# RECORDS SUPPLIED
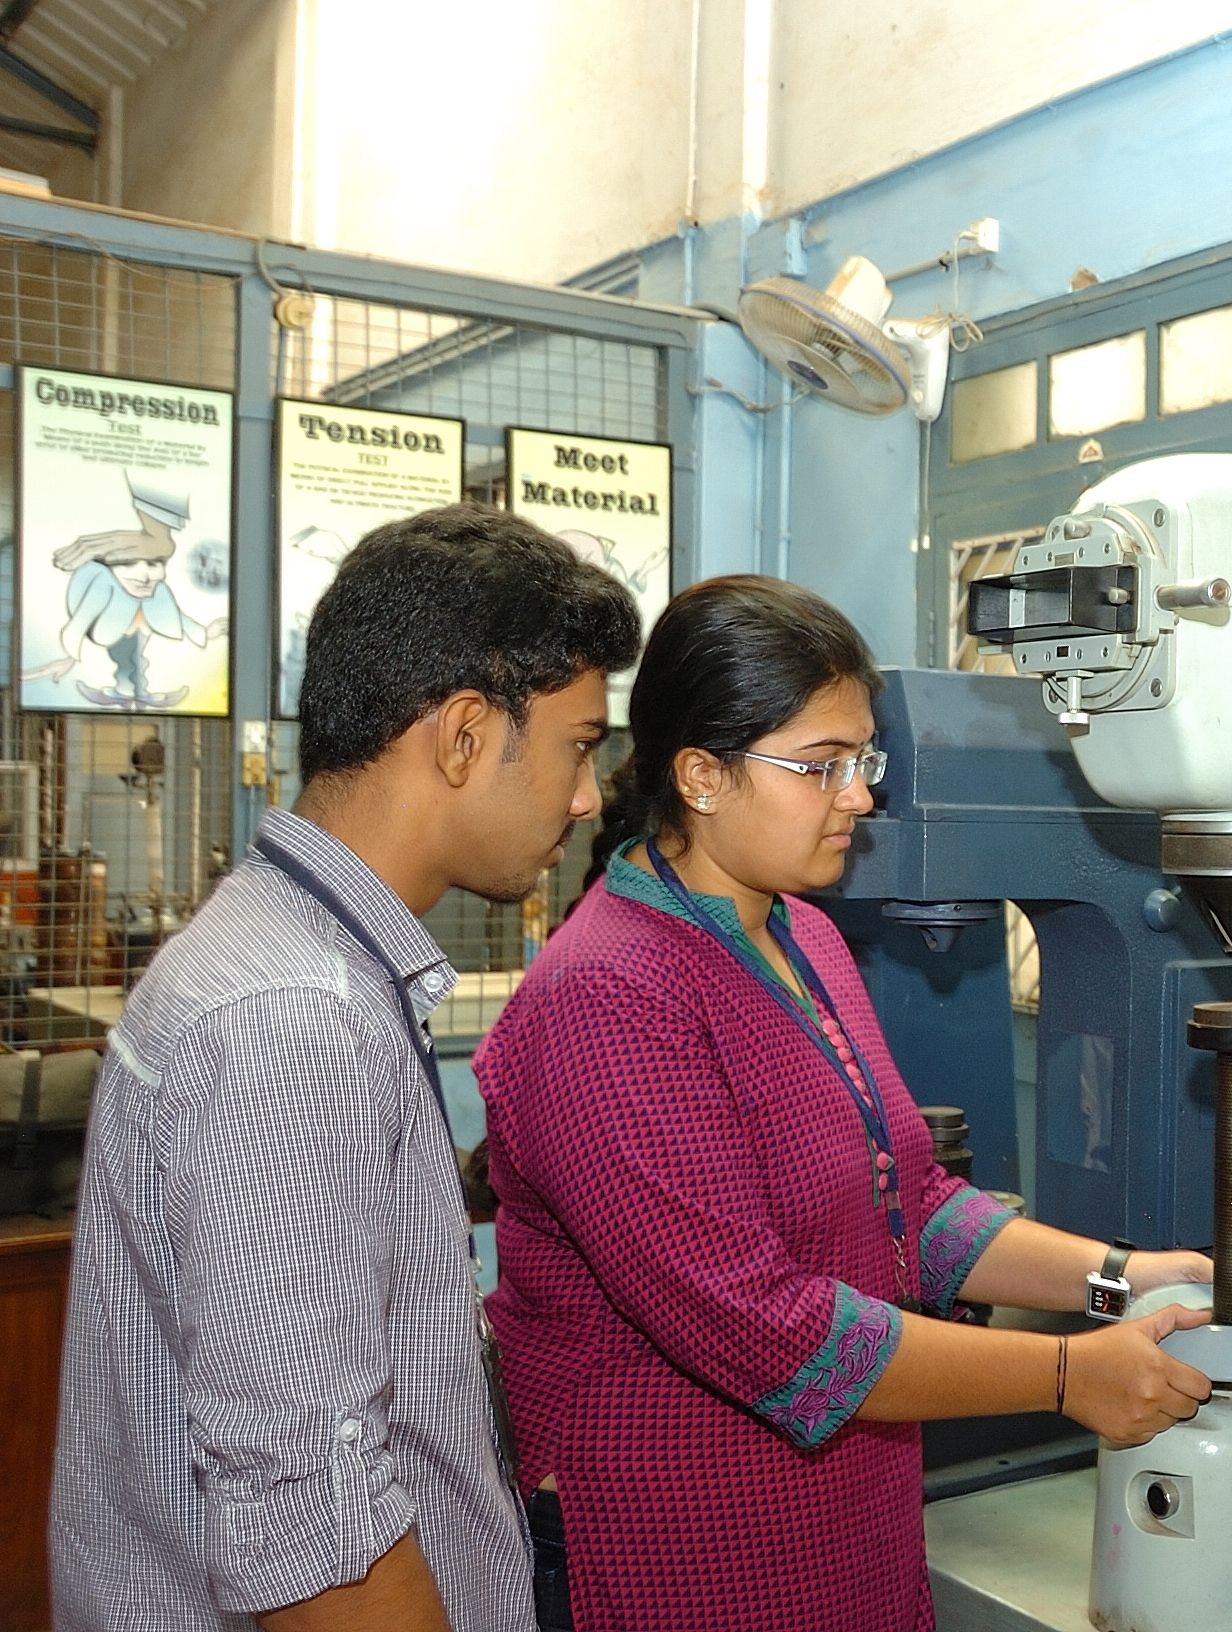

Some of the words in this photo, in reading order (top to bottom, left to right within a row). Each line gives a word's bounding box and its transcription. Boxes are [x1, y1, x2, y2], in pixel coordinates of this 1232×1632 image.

[35, 375, 220, 427] Compression
[297, 413, 445, 455] Tension
[553, 444, 630, 476] Meet
[521, 478, 661, 517] Material

# EXERCISE BRIEF
Pictures are to be left out, while the records are copied word for word.

# EXPECTED OUTPUT
Some of the words in this photo, in reading order (top to bottom, left to right within a row). Each line gives a word's bounding box and its transcription. Boxes are [x1, y1, x2, y2], in pixel coordinates of this 1232×1632 image.

[35, 375, 220, 427] Compression
[297, 413, 445, 455] Tension
[553, 444, 630, 476] Meet
[521, 478, 661, 517] Material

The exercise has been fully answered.